GMPStorage implementation added in bug 1034368 does respect private browsing mode. It needs to.
It looks like we can detect if we're in a PB window with: nsCOMPtr<nsILoadContext> loadContext = OwnerDoc()->GetLoadContext(); return loadContext && loadContext->UsePrivateBrowsing();
Ehsan: We provide an API for EME plugins (called GMPs; Gecko Media Plugins) to store stuff on disk. Implementation is in content/media/gmp/. What do I need to do to make GMP storage respect Private Browsing mode? I can detect PB mode with nsILoadContext::UsePrivateBrowsing() mode? How do I detect when I must purge PB mode data? Is that all that's required? Thanks!
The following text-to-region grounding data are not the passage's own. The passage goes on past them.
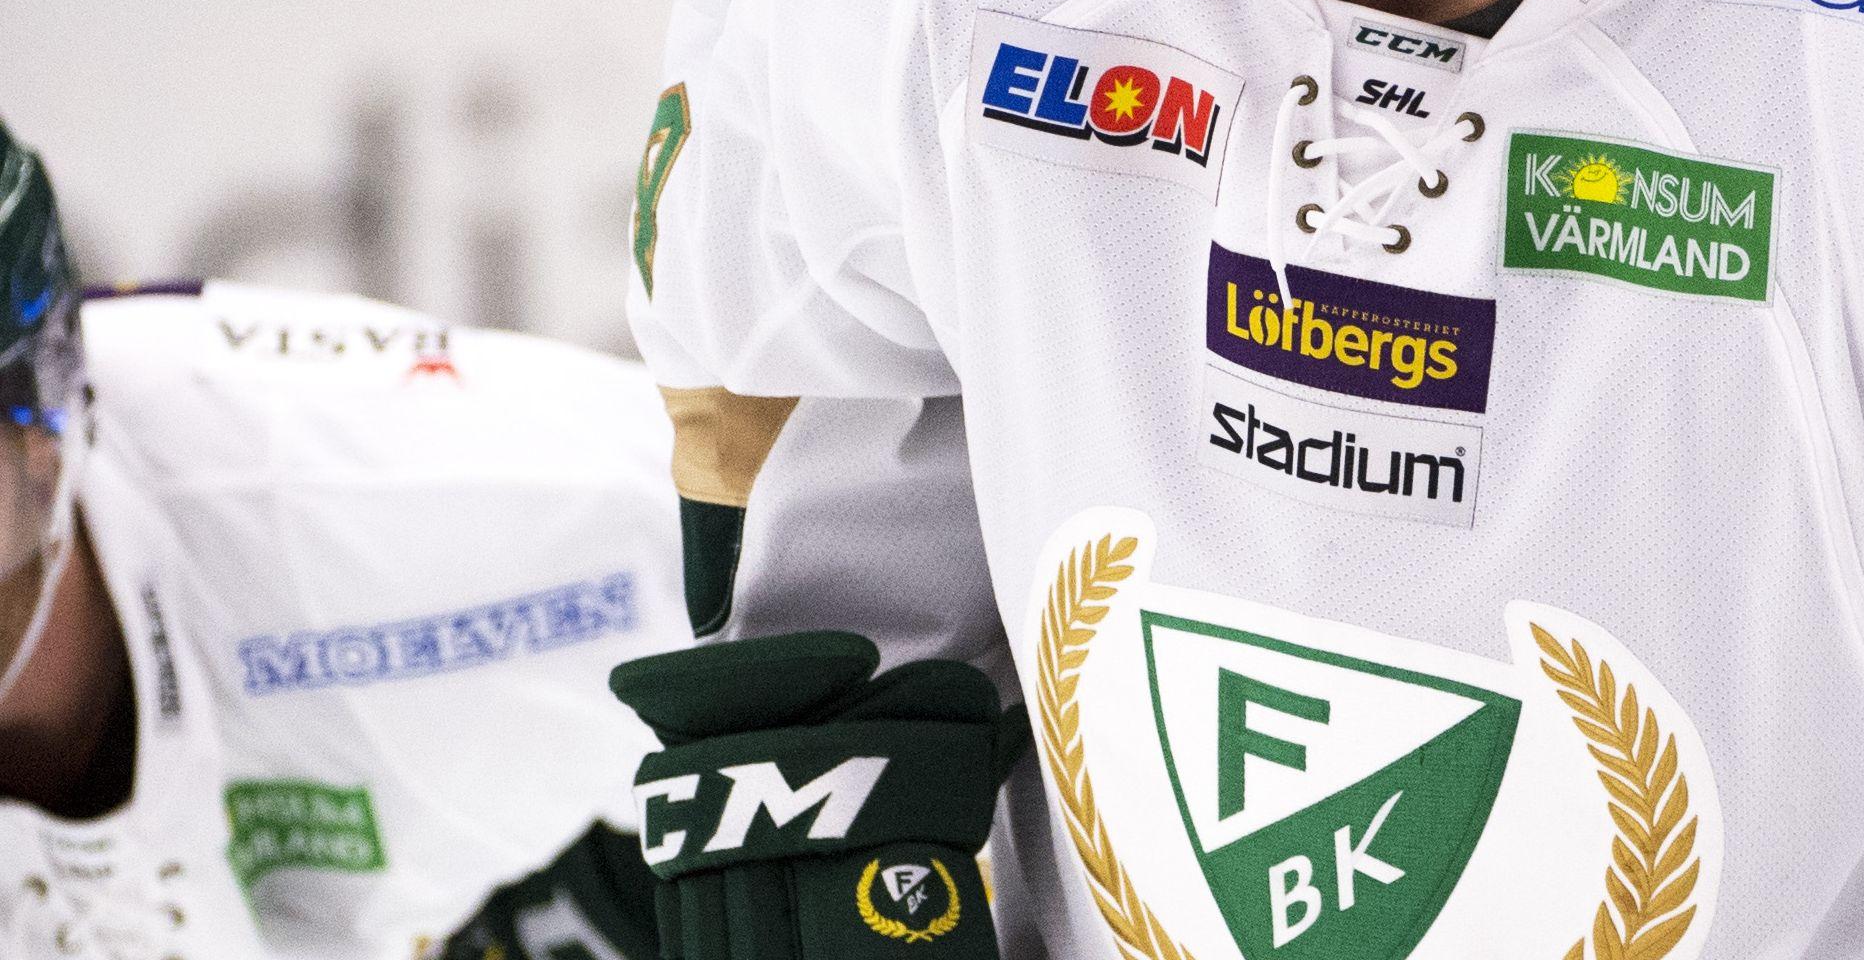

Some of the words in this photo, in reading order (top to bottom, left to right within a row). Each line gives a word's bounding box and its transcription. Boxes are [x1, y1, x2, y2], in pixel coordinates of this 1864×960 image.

[1355, 25, 1459, 63] CCM
[1355, 78, 1430, 119] SHL
[981, 42, 1220, 168] ELON
[1524, 204, 1751, 282] VÄRMLAND
[1226, 281, 1459, 390] Löfbergs
[1218, 666, 1332, 823] F
[1268, 790, 1406, 950] BK
Flags: needinfo?(ehsan.akhgari)
(In reply to Chris Pearce (:cpearce) from comment #2) > Ehsan: We provide an API for EME plugins (called GMPs; Gecko Media Plugins) > to store stuff on disk. Implementation is in content/media/gmp/. What do I > need to do to make GMP storage respect Private Browsing mode? What kind of data is the stuff that we write to the disk? Does the data include information about the websites that the user has visited? > I can detect PB mode with nsILoadContext::UsePrivateBrowsing() mode? Yep. > How do I detect when I must purge PB mode data? Is that all that's required? Thanks! We usually try to decide not to write the privacy sensitive data to the disk in the first place to avoid being unable to cleanup if we crash, etc. For example, we may want to keep this data in memory if the request is coming from a page in PB mode. But it's hard to say exactly what the right solution is without knowing more about the data in question.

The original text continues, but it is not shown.